Tourism is one of the world’s largest industries, generating massive economic activity across the globe. By 2025, the sector is expected to contribute roughly $11.7 trillion to the global economy, accounting for about 10% of worldwide GDP.

However, tourism does not impact every country equally. In some places, it serves as an additional economic boost, while in others it forms the foundation of the entire economy.

Countries Where Tourism Drives the Economy

Certain destinations rely heavily on international visitors for income, employment, and foreign investment. Many of the countries with the highest tourism dependence are small island economies or destinations centered around hospitality and travel services.

At the top of the list is Macao, where tourism accounts for an astonishing 70.8% of total GDP. Visitors spend billions annually in the region, largely driven by its casinos, resorts, and entertainment industry.

Other nations where tourism contributes a major portion of economic activity include:

RankCountryTourism Share of GDP
1Macao70.8%
2Aruba69.7%
3Maldives68.1%
4Andorra66.5%
5Saint Lucia53.8%
6Grenada48.1%
7Antigua and Barbuda47.8%
8Seychelles46.6%
9Bahamas35.0%
10Saint Kitts and Nevis32.9%

Across the rankings, small island nations dominate the top spots. With limited natural resources or industrial sectors, tourism often becomes the most reliable source of jobs, government revenue, and foreign currency.

Popular vacation destinations such as Malta, Belize, Fiji, Montenegro, and Jamaica also see a large share of their economies tied to tourism.

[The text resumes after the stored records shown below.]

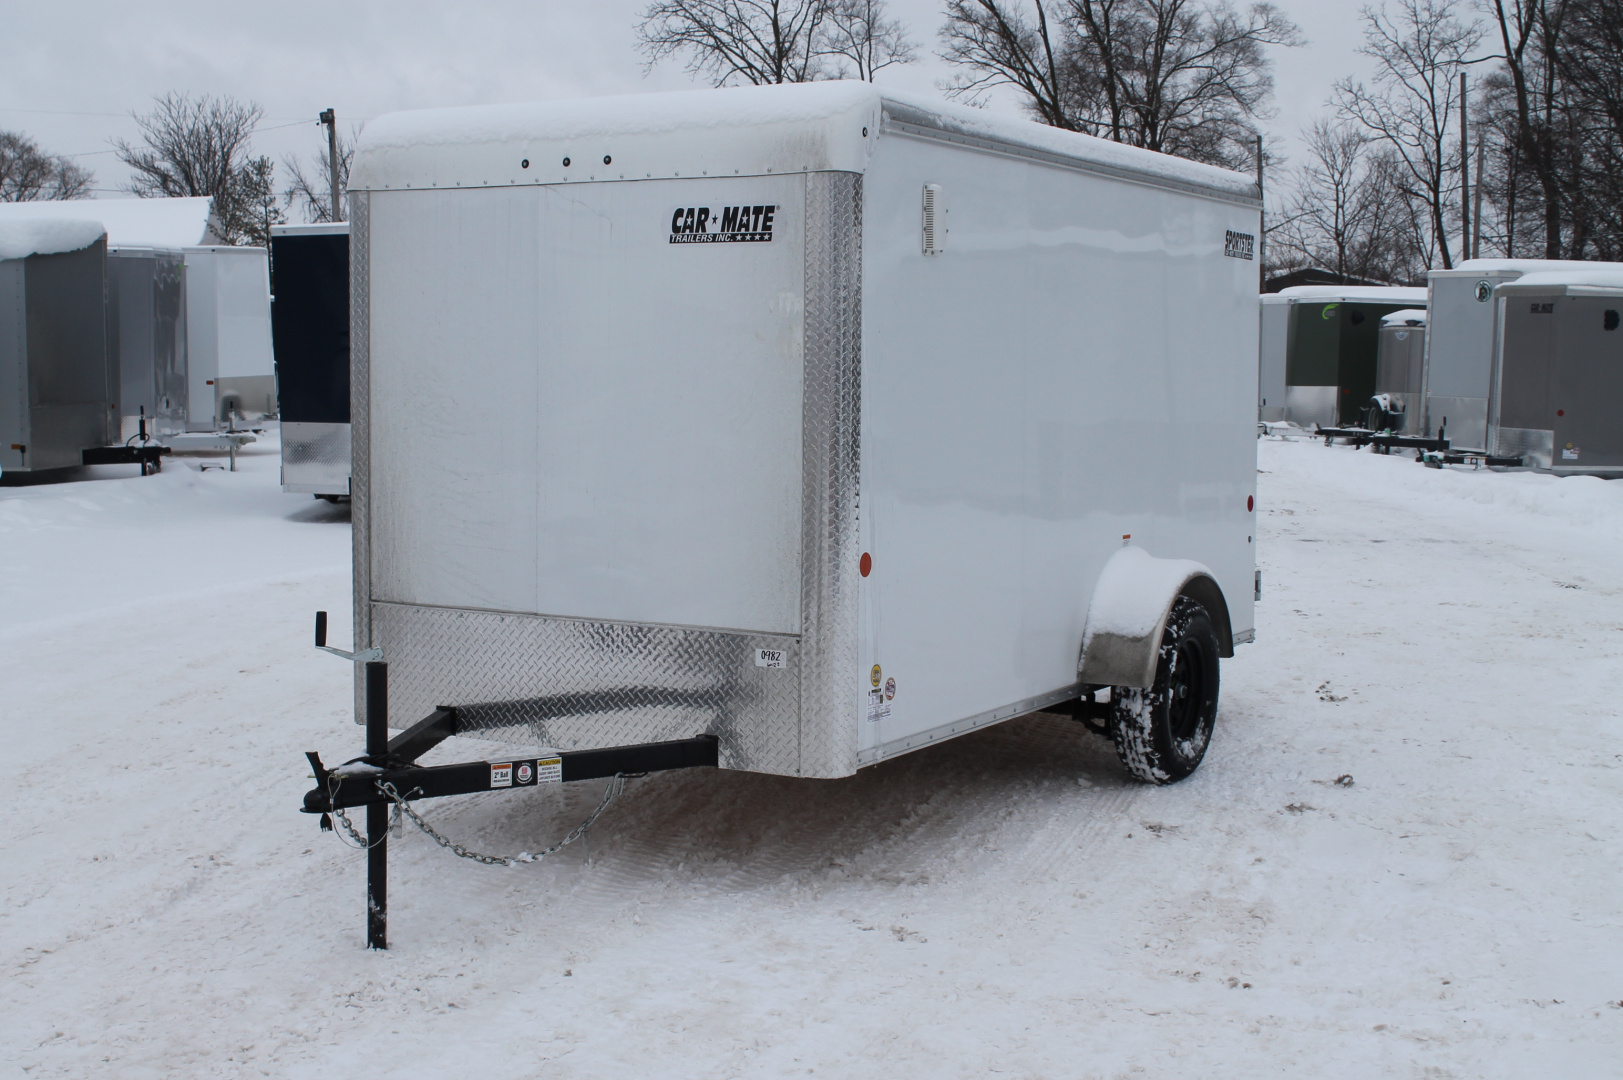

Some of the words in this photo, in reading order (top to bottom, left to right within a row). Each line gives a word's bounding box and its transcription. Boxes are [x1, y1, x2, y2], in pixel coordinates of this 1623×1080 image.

[671, 207, 710, 234] CAR
[720, 205, 776, 233] MATE
[671, 234, 713, 243] TRAILERS
[715, 233, 733, 242] INC.
[1225, 229, 1254, 254] SPORTSTER
[761, 650, 781, 662] 0982
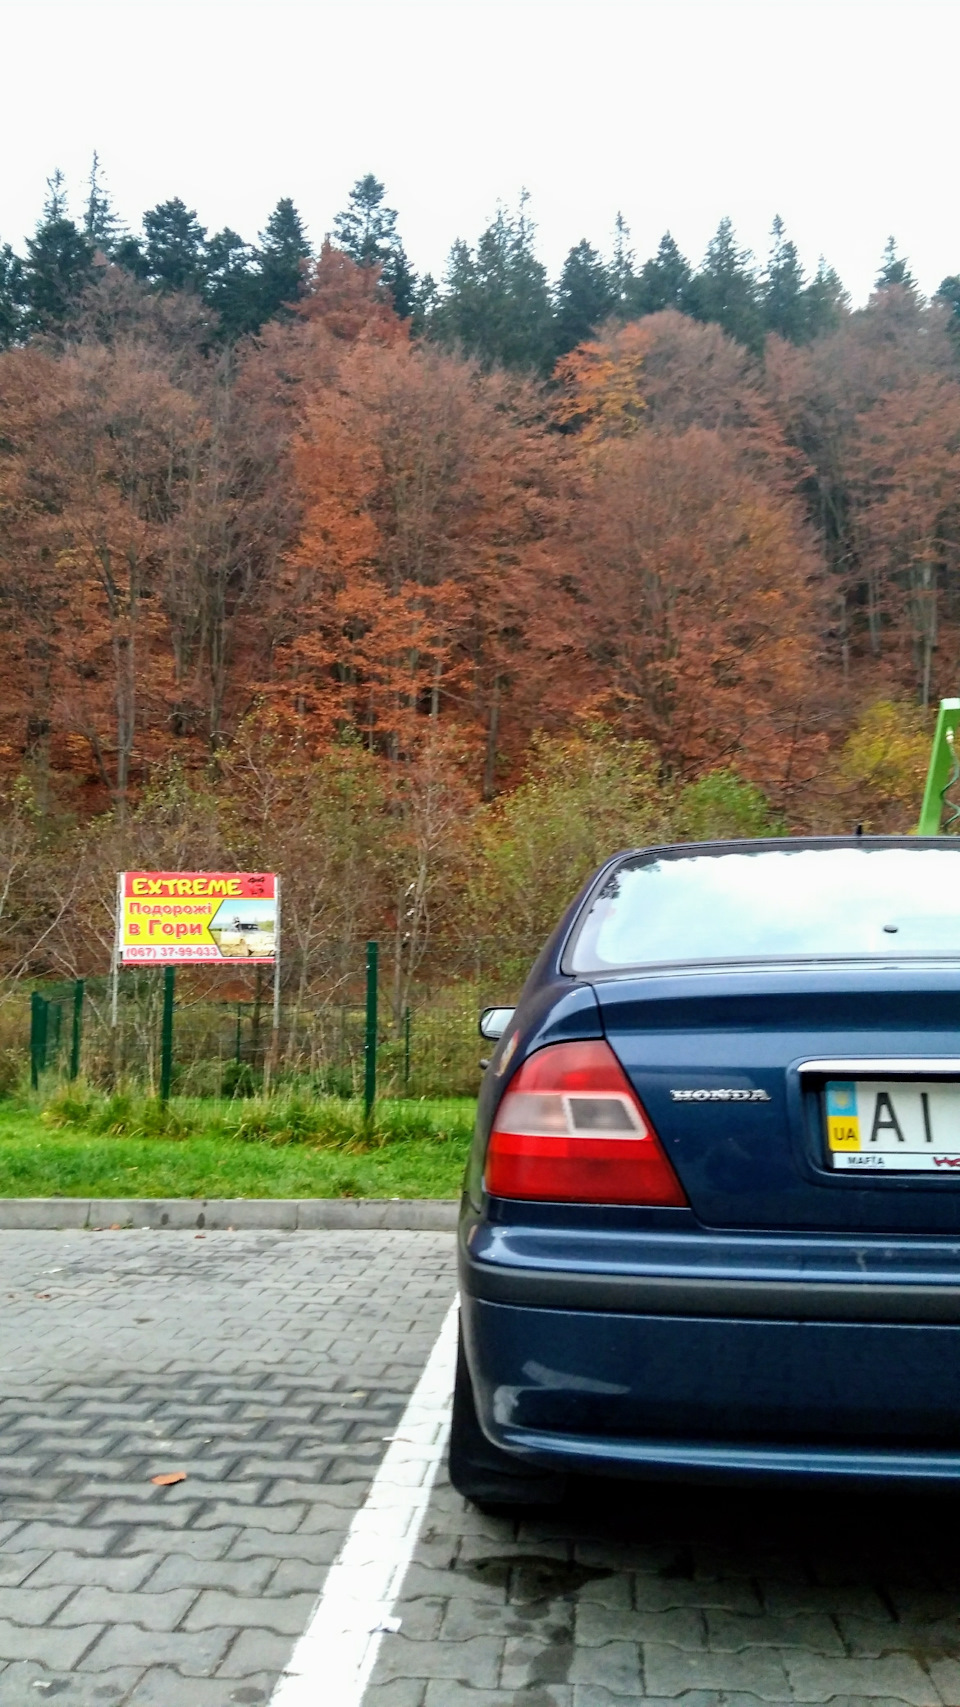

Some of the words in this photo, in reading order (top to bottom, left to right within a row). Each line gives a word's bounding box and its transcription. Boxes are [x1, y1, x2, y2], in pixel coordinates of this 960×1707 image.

[132, 878, 243, 895] EXTREME
[129, 902, 212, 917] Подорожі
[128, 924, 141, 935] в
[149, 919, 202, 938] Гори
[126, 947, 156, 958] (067)
[670, 1089, 772, 1101] HONDA
[870, 1092, 933, 1142] AI
[833, 1127, 858, 1141] UA

Large Economies Depend Less on Tourism

In contrast, large and diversified economies tend to rely much less on tourism as a percentage of GDP.

For example, the United States ranks near the bottom of the list, with tourism contributing less than 1% of its GDP, even though the country still generates hundreds of billions of dollars from international visitors.

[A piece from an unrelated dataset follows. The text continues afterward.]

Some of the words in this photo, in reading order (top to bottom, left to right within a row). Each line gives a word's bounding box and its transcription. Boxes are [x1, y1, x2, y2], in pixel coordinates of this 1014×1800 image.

This is largely because major economies have multiple large industries—such as manufacturing, technology, finance, and energy—that dwarf tourism’s share.

At the very bottom of the rankings is Papua New Guinea, where tourism contributes only 0.01% of GDP. Countries such as Guinea and Angola also show extremely low dependence on visitor spending.

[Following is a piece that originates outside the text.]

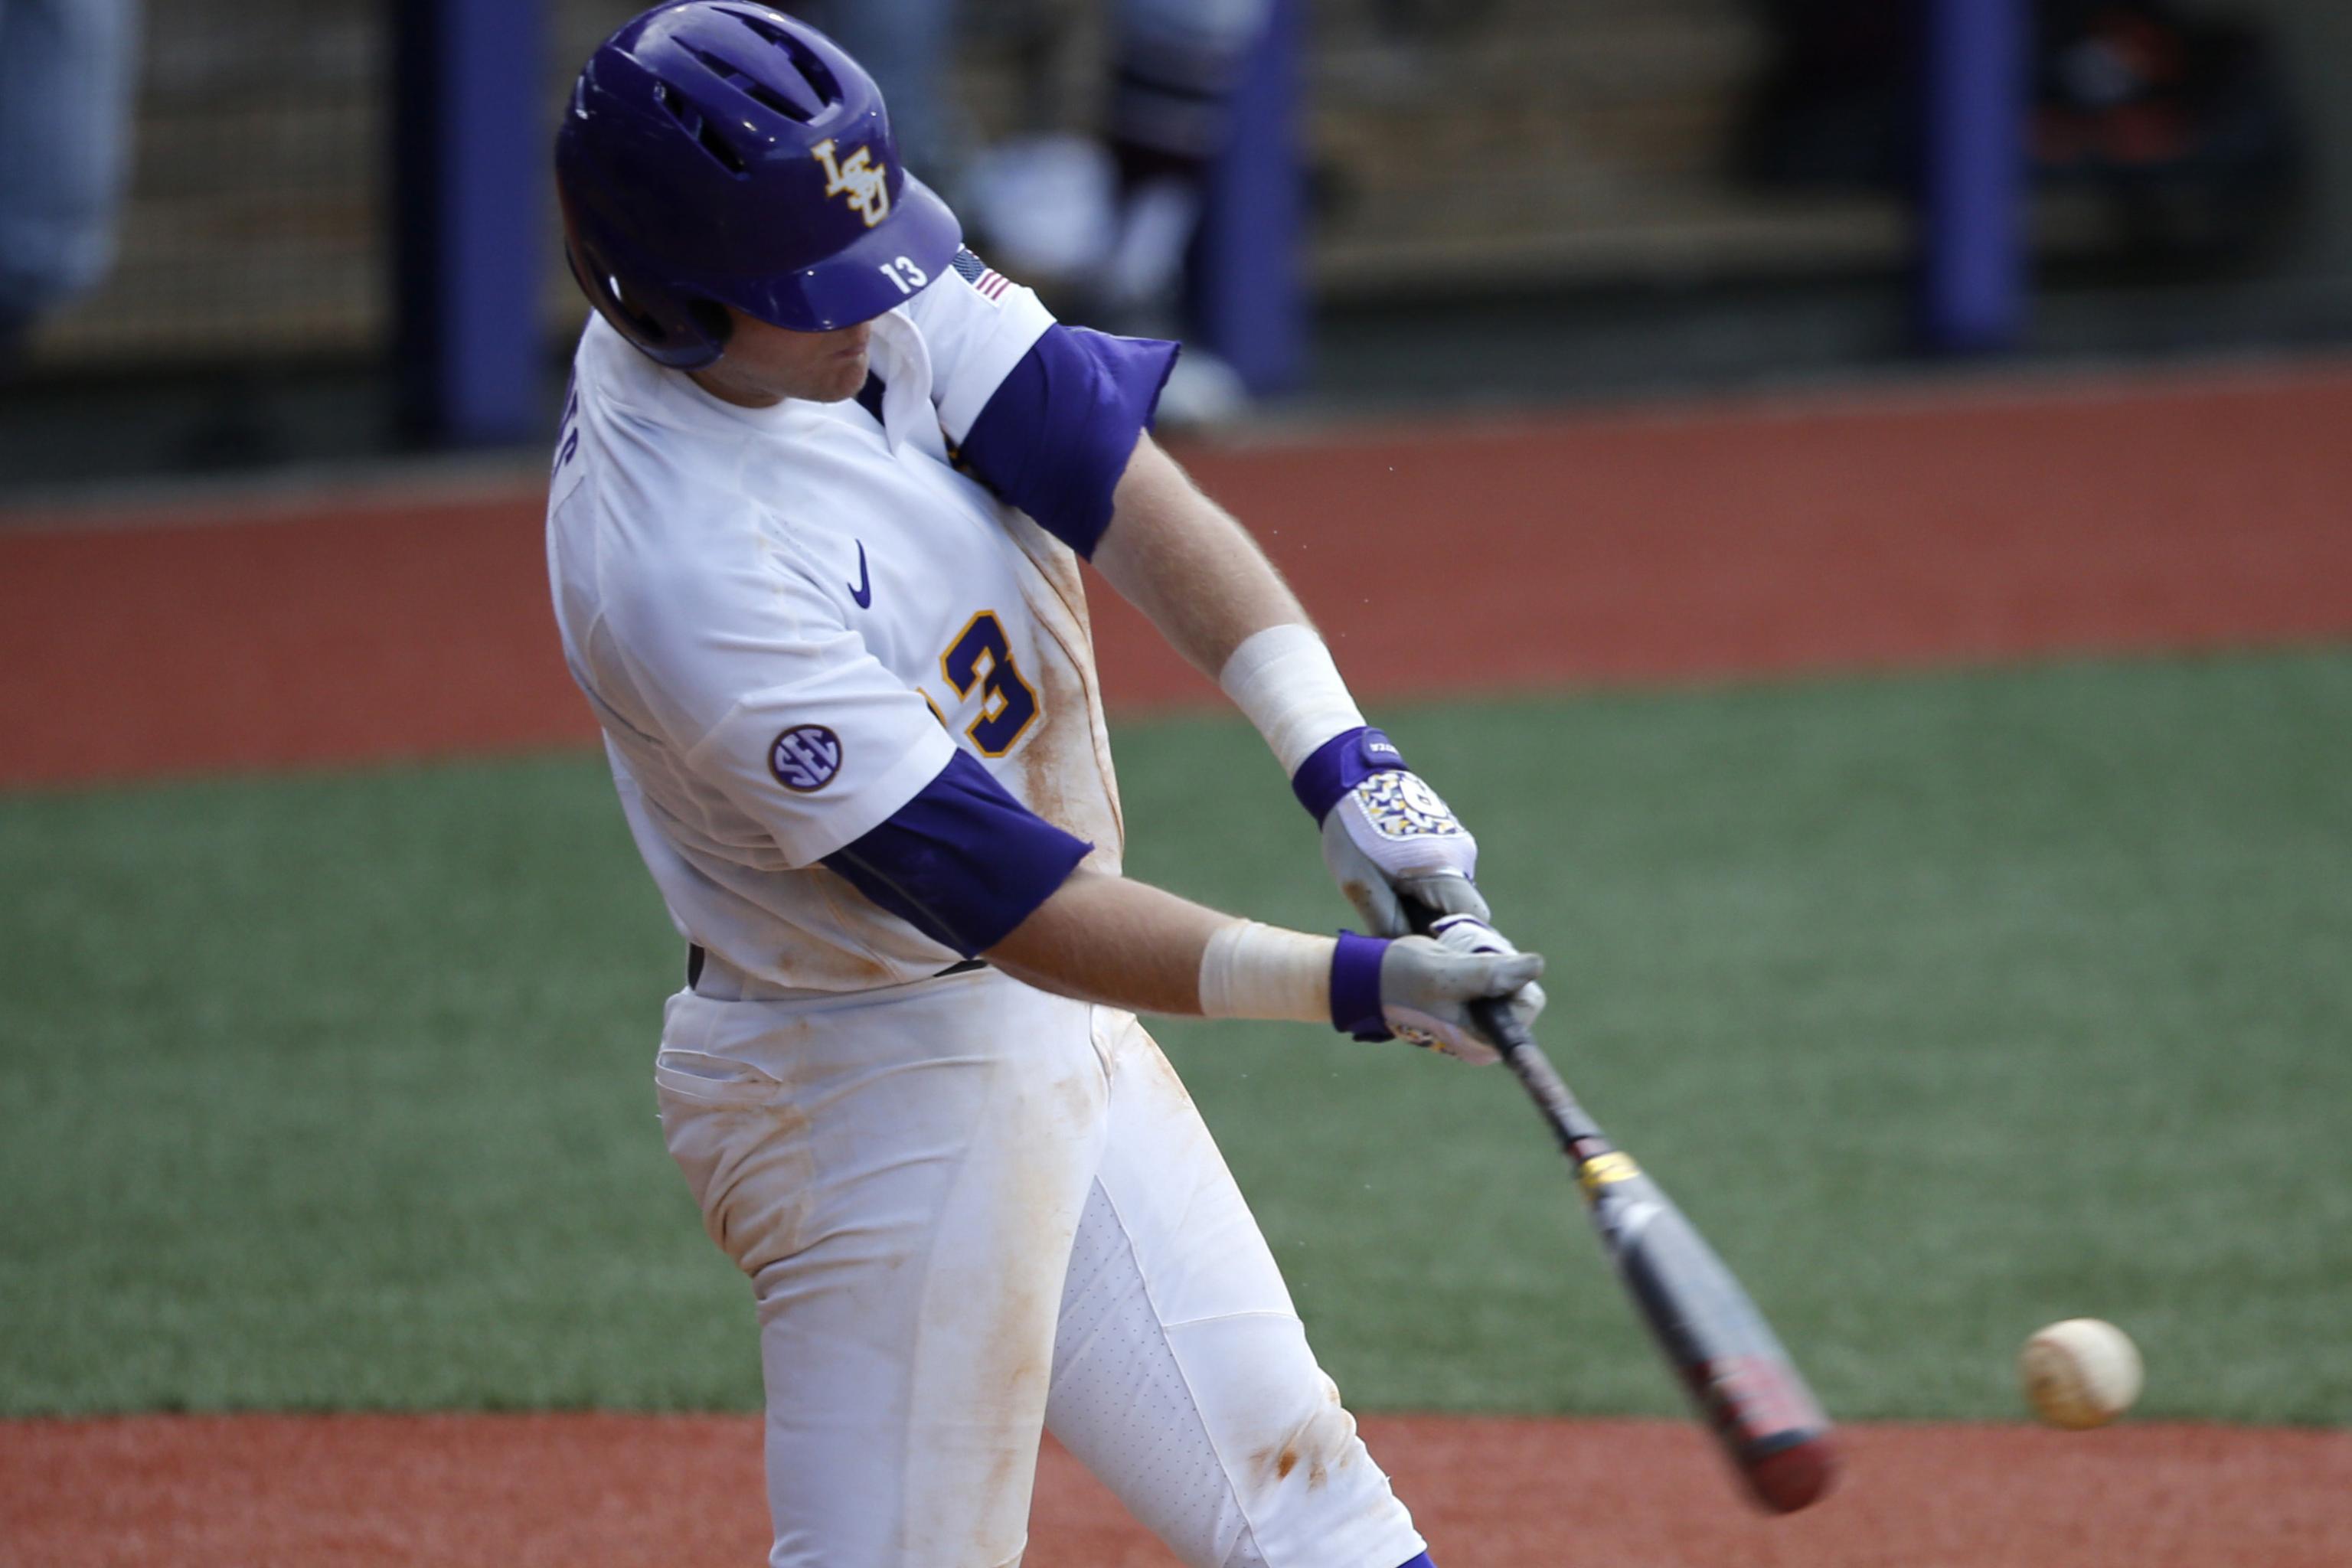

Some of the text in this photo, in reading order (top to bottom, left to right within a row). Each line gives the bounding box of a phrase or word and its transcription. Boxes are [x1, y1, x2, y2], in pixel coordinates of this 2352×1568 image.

In fact, 47 countries generate less than 1% of their economic output from tourism.

Tourism Hotspots Around the World

Regions with strong tourism dependence tend to cluster in certain parts of the world, including:

  • Central America

  • Southeast Asia

  • Eastern Europe

  • Island destinations in the Caribbean and Indian Ocean

These areas are often popular with budget travelers and backpackers, offering affordable travel experiences, natural beauty, and vibrant cultures.

The Risk of Tourism-Heavy Economies

While tourism can generate tremendous economic benefits, heavy reliance on the industry also comes with risks.

Events such as economic downturns, natural disasters, or global travel disruptions can severely impact countries that depend heavily on visitor spending.

During the 2020 pandemic, for example, many tourism-driven economies experienced major economic contractions as international travel came to a sudden halt.

This highlights the importance for many destinations to diversify their economies while still benefiting from tourism growth.